Потом я снова стал вспоминать эту странную победу, ставшую поражением всех идей, с которыми я начал войну. Что поделаешь, других побед я не знал.
Впрочем, вру. Была у меня еще одна, личная победа. Двадцать лет спустя после первой, всенародной, я выступил в институте философии и сказал то, что думал о решении реабилитировать Сталина. На другой вечер я попросил Зину поставить на радиолу 9-ю симфонию и прослушал ее с начала до конца — со слезами, когда хор пел обрывки оды к радости. Freude (радость) звучало сходно с Freiheit (свобода), и Шиллер сперва думал о свободе, только потом он заменил опасное слово другим — тоже прекрасным. И в стихах Шиллера, и в музыке Бетховена для меня звучит радость свободы, свобода радости.
Радость, радость, искра Божья,Дочь небес! В твой светлый домМы сейчас, как боги, вхожи,Опьяненные огнем…

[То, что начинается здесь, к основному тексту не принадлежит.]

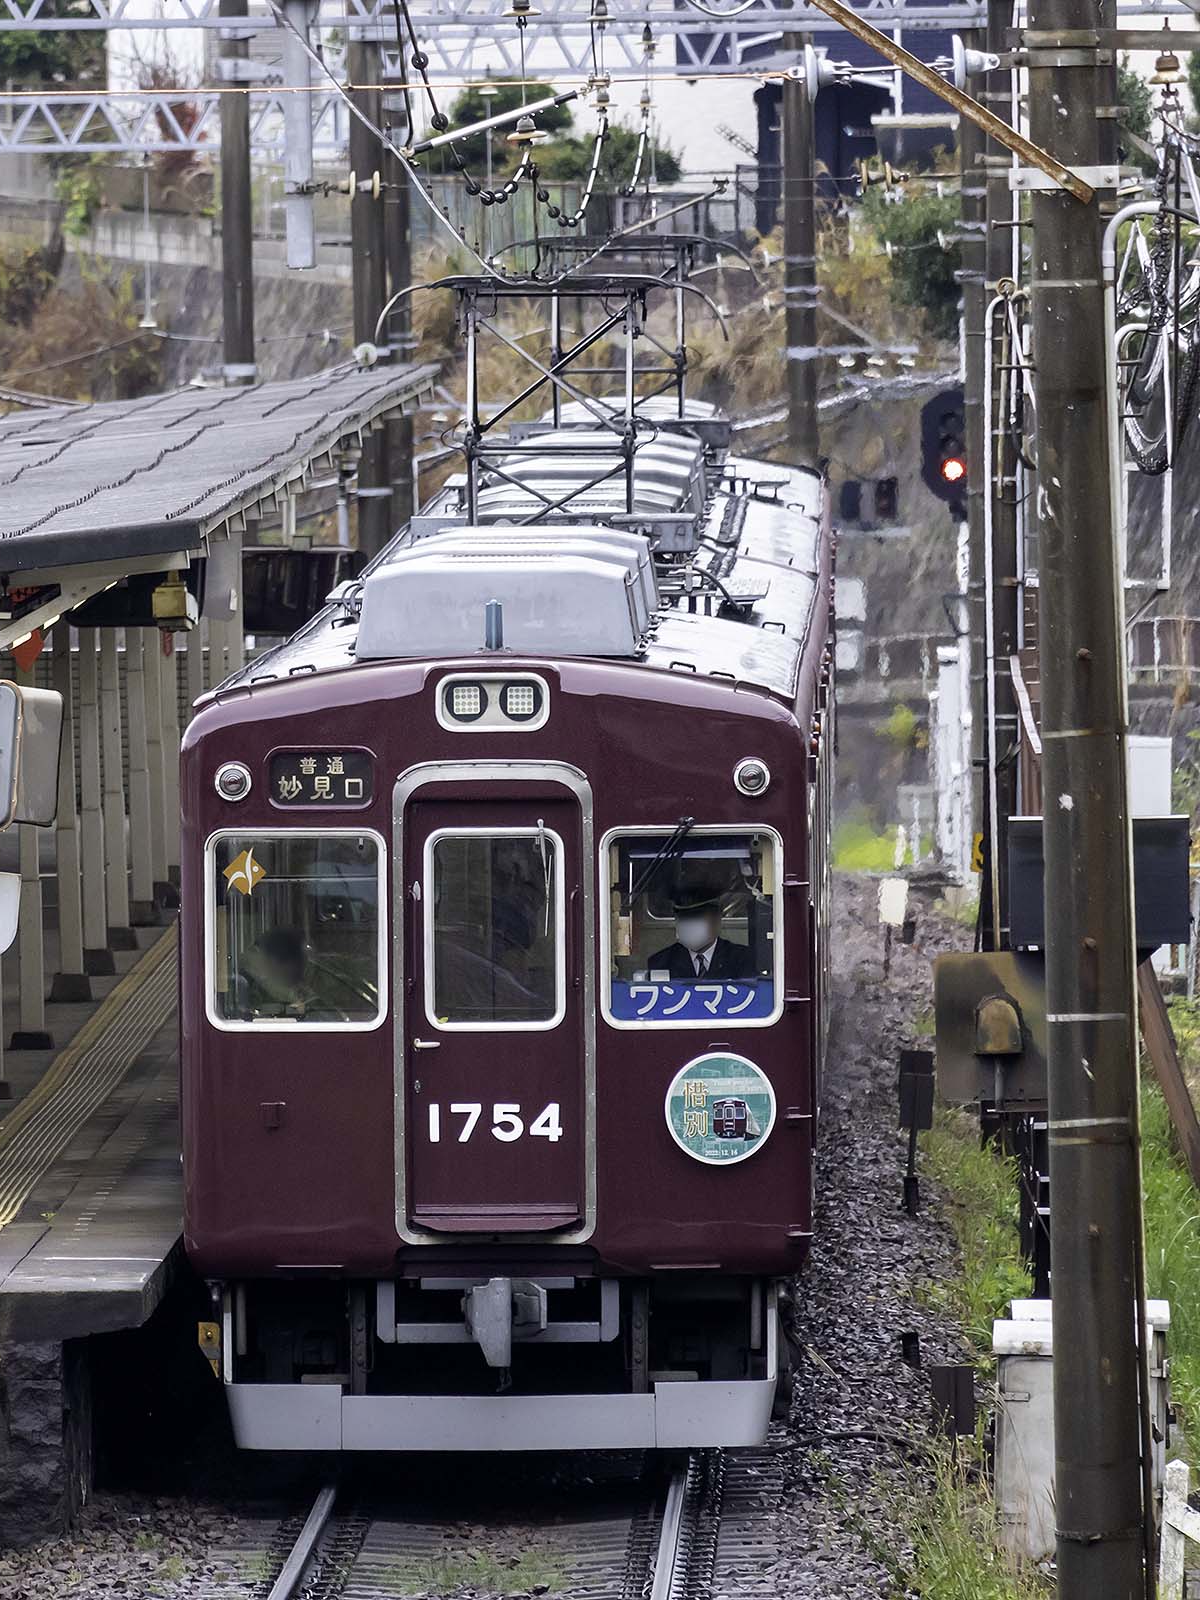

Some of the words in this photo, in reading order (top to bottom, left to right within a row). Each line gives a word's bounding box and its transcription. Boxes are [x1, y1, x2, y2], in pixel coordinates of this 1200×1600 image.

Это был мой собственный, домашний салют. Но что я праздновал? Скорее внутреннюю победу, свою внутреннюю раскованность. Я посмел и сумел сказать вслух, публично то, что все вокруг хотели сказать и не решались. Я переступил через меловой круг, в котором топчутся курицы. Тогда впервые я перестал жалеть, что не родился в другое время, впервые почувствовал, что среда меня не заела, что я вынес свой век.

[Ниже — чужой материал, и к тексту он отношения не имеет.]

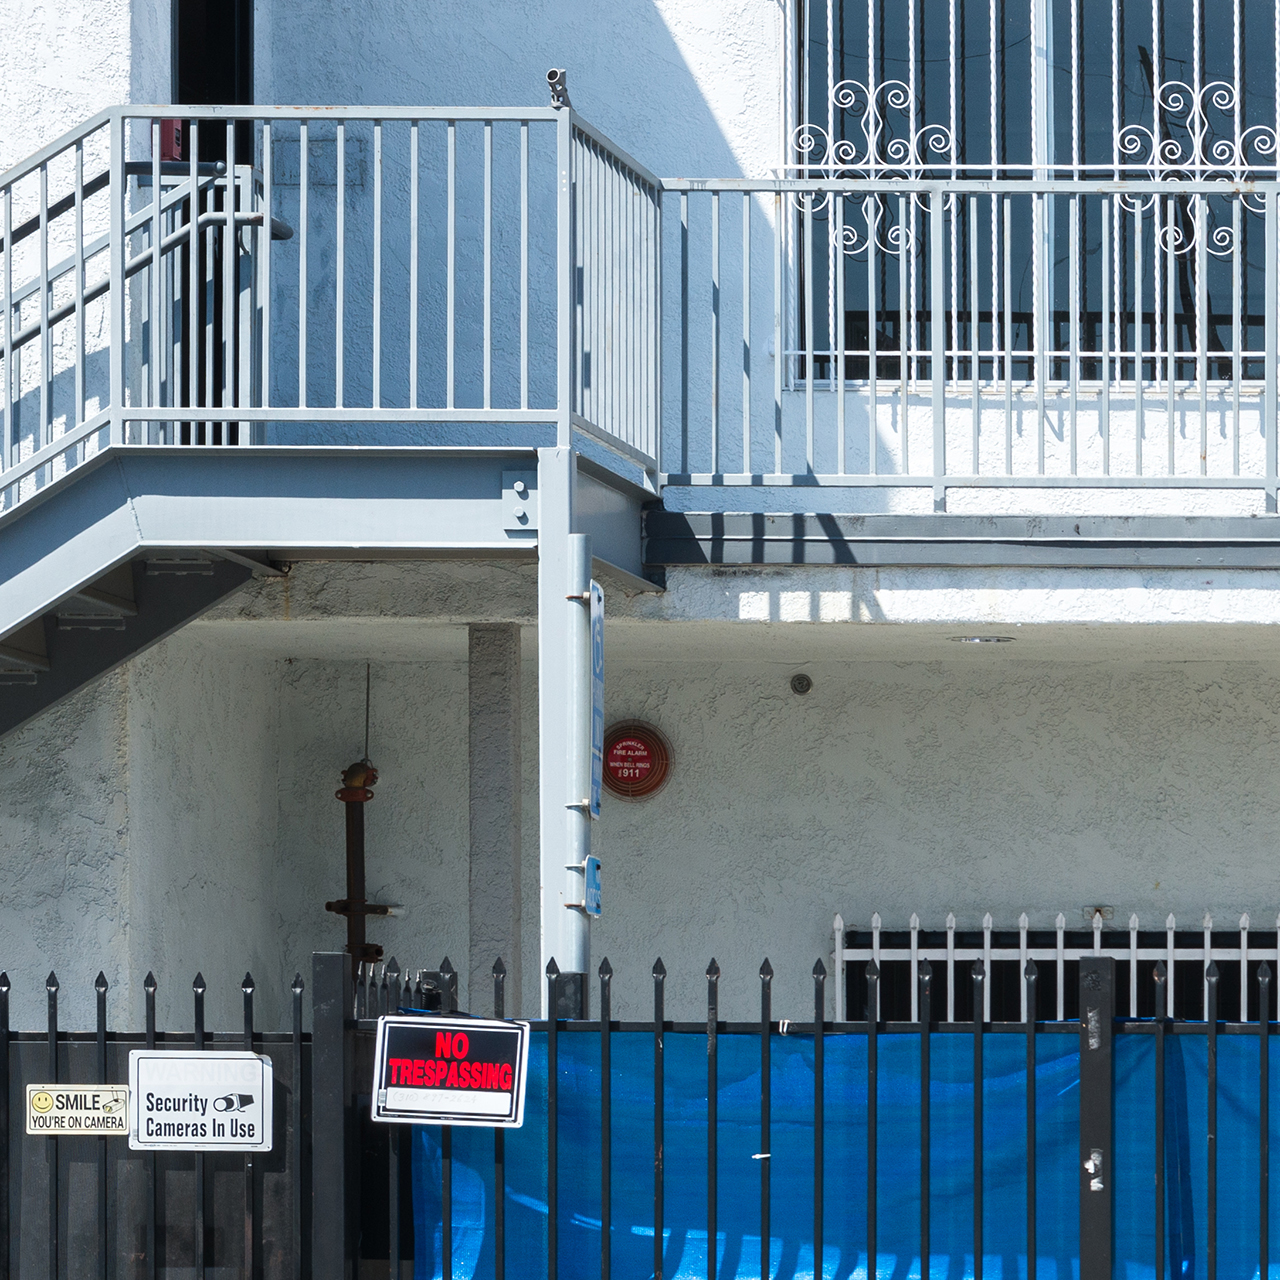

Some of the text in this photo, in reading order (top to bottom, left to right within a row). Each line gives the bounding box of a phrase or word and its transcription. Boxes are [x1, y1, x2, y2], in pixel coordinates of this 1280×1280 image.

[616, 741, 645, 750] SPRINKLER
[623, 769, 639, 777] 911
[435, 1032, 469, 1059] NO
[145, 1062, 257, 1083] WARNING
[389, 1058, 513, 1091] TRESPASSING
[55, 1094, 100, 1111] SMILE
[146, 1092, 208, 1117] Security
[32, 1115, 124, 1129] YOU'RE ON CAMERA
[146, 1117, 255, 1138] Cameras In Use

Но никакой внешней победы не получилось. Не вышло цепной реакции, каскада речей — с кафедр университетов, с кафедр конференций — примерно о том же. Тем, у кого был ум, не хватило храбрости, тем, у кого была храбрость, не хватило ума. Я выскочил, остановился на линии, тонкой, как лезвие ножа, и удержался на ней. Все удивились. Из любопытства мне дали слово в Политехническом музее, на вечере встречи с интересными собеседниками, и Отдел пропаганды ЦК ВЛКСМ меня разглядывал (и начал соображать, как с такими чудаками бороться). Журналисты пытались дать ход моим статьям (но почти ничего не вышло: то, что принимала редакция, отвергала редколлегия). Было несколько любопытных встреч. После среды в «Литературной газете» за мной до дома шло несколько человек. Потом, когда все разошлись, самый настойчивый, — помню, он был плотнее меня, но не выше, — тихо спросил: не считаю ли я себя пророком? Меня передернуло: я почувствовал гримасу отвращения на своем лице. Потом, сдержавшись, сказал, что нет, не считаю и хотел бы, чтобы и все другие не искали пророков, а думали своим умом. Больше этот человек ко мне не приходил. Ему нужны были пророки, вожди.